The patterns of expression of polysialylated ("embryonic") form of Neural Cell Adhesion Molecule (PSA/E-N-CAM) and of all N-CAM isoforms were investigated by indirect immunofluorescence and immunoblotting during the development of the Central Nervous System (CNS) and during the regeneration of the caudal Spinal Cord (SC) of the amphibian urodeles Pleurodeles waltl (Pw) and Notophthalmus viridescens (Nv). In this study, a monoclonal antibody to group B Meningococcus (anti-Men-B) which recognizes alpha-2,8-linked sialic units of PSA-N-CAM, and polyclonal anti-total N-CAM antibodies were used. Total-N-CAM immunoreactivities were consistently detected throughout the CNS of developing and adult newts. PSA-N-CAM expression predominated in "embryonic" developing CNS and was reduced to certain CNS areas in the adult urodeles. In the case of SC, the expression level of this isoform of N-CAM dramatically decreased to become low and nearly restricted to some ependymoglial cell surfaces. Interestingly, during newt tail regeneration, PSA-N-CAM was intensely reexpressed in regenerating SC, at the surface of ependymoglial cell processes and in axonal compartments.
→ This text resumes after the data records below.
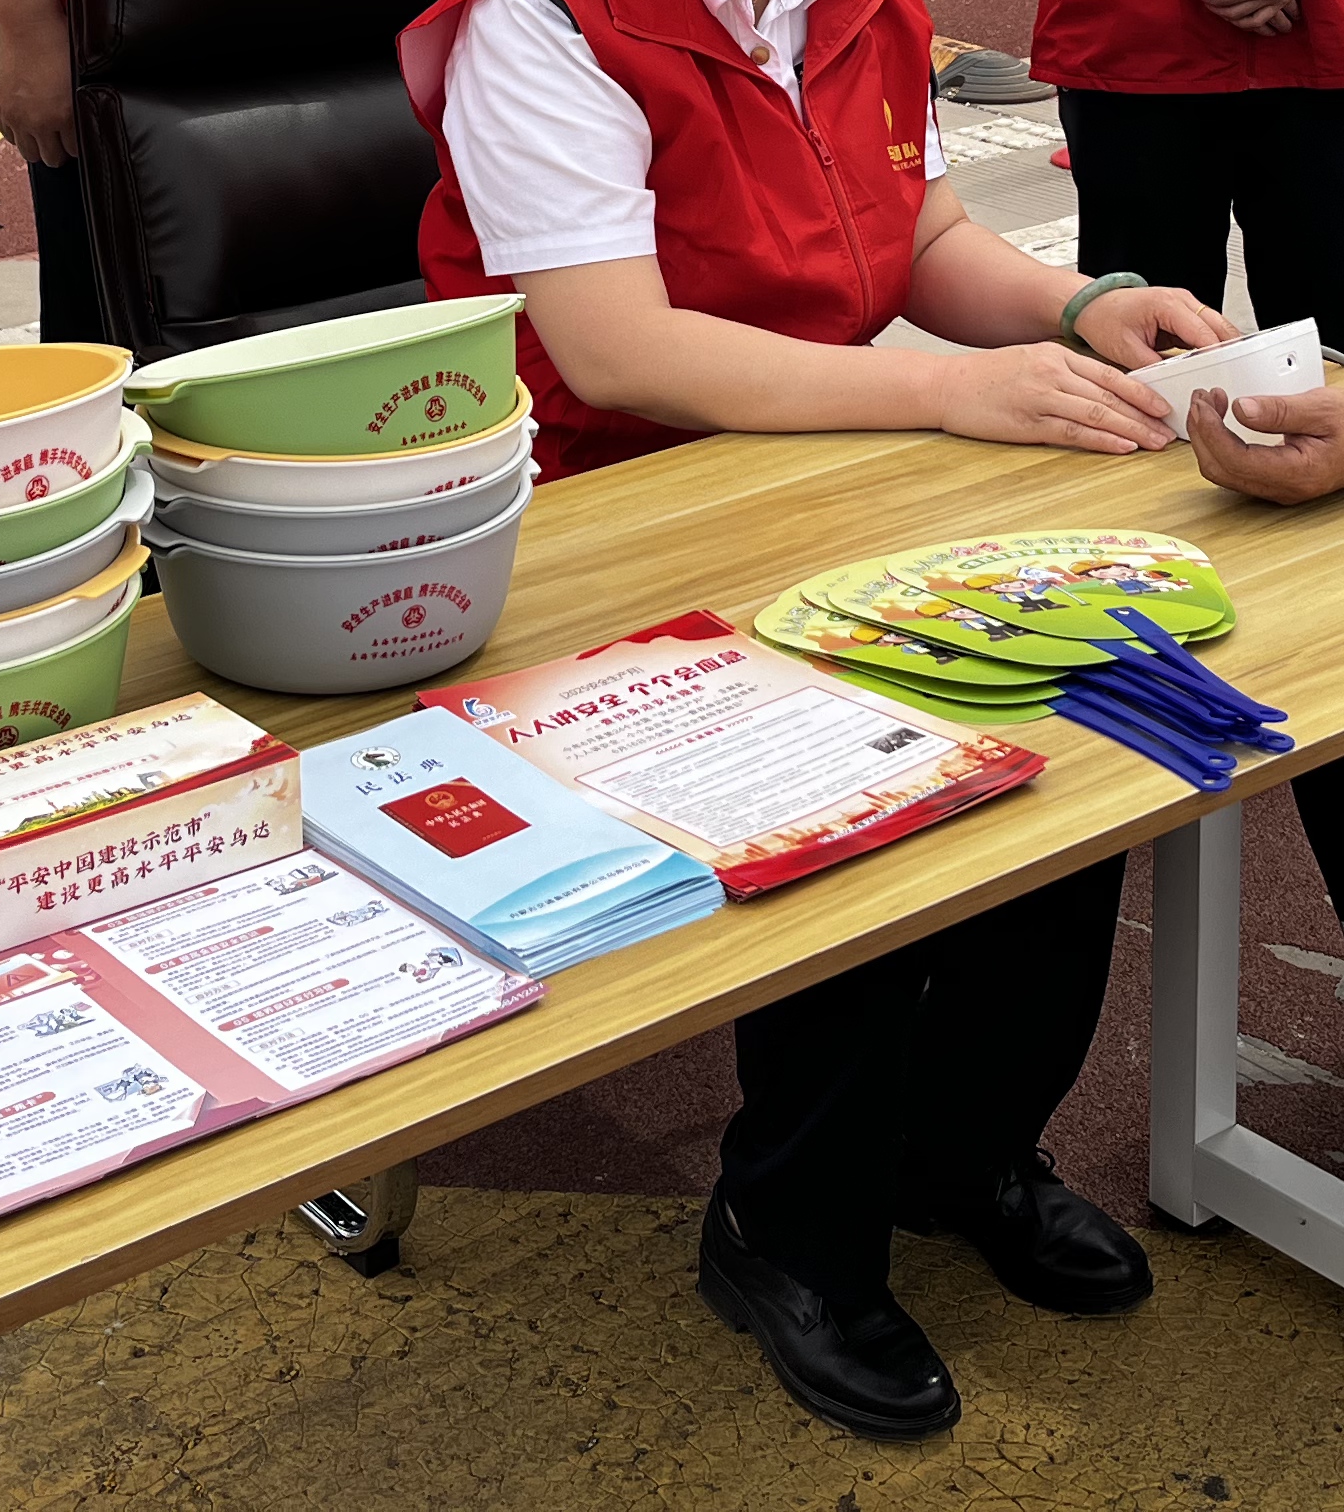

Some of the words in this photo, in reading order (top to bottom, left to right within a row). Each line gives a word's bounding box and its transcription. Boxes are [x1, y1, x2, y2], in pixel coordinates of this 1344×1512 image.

[367, 375, 432, 435] 安全生产进家庭
[341, 586, 413, 633] 安全生产进家庭
[8, 700, 72, 730] 携手共筑安全网
[508, 693, 628, 744] 人人讲安全
[628, 649, 748, 696] 个个会应急
[356, 757, 444, 796] 民法典
[35, 819, 271, 913] 建设更高水平平安乌达
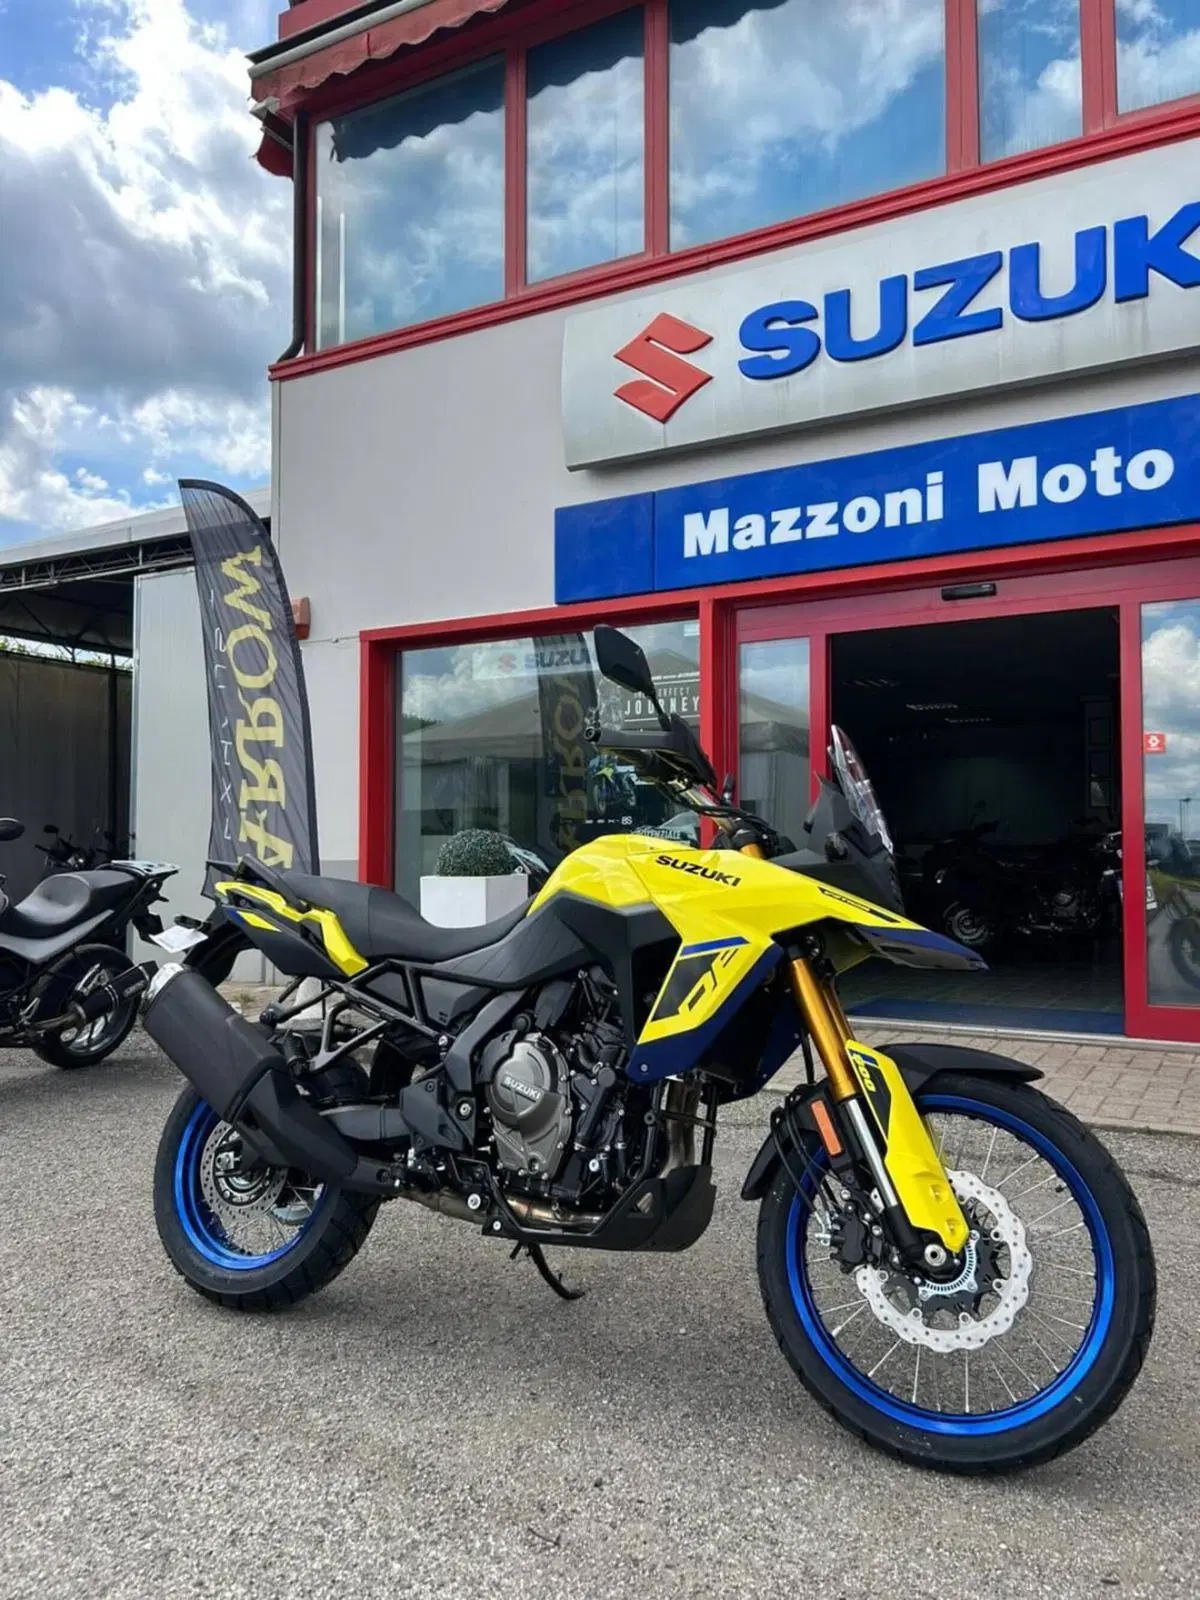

Expression was maximal at 4 to 6 weeks following amputation, and then gradually returned to a normal adult low level in well differentiated SC. These findings strongly supported the view that the expression of PSA-N-CAM was associated with the properties of plasticity shown by the SC ependymoglial tissue in newts, during tail regeneration. On the other hand, the high level of PSA-N-CAM expression in axonal compartments of regenerating as well as developing SC suggested that these isoforms of N-CAM could be implicated in axonal outgrowth within the "tunnels" defined by the radial ependymoglial processes. This transient PSA-N-CAM expression could therefore be considered both as a negative modulator of cell-cell and cell-substrate interactions and as a permissive factor for neuron differentiation.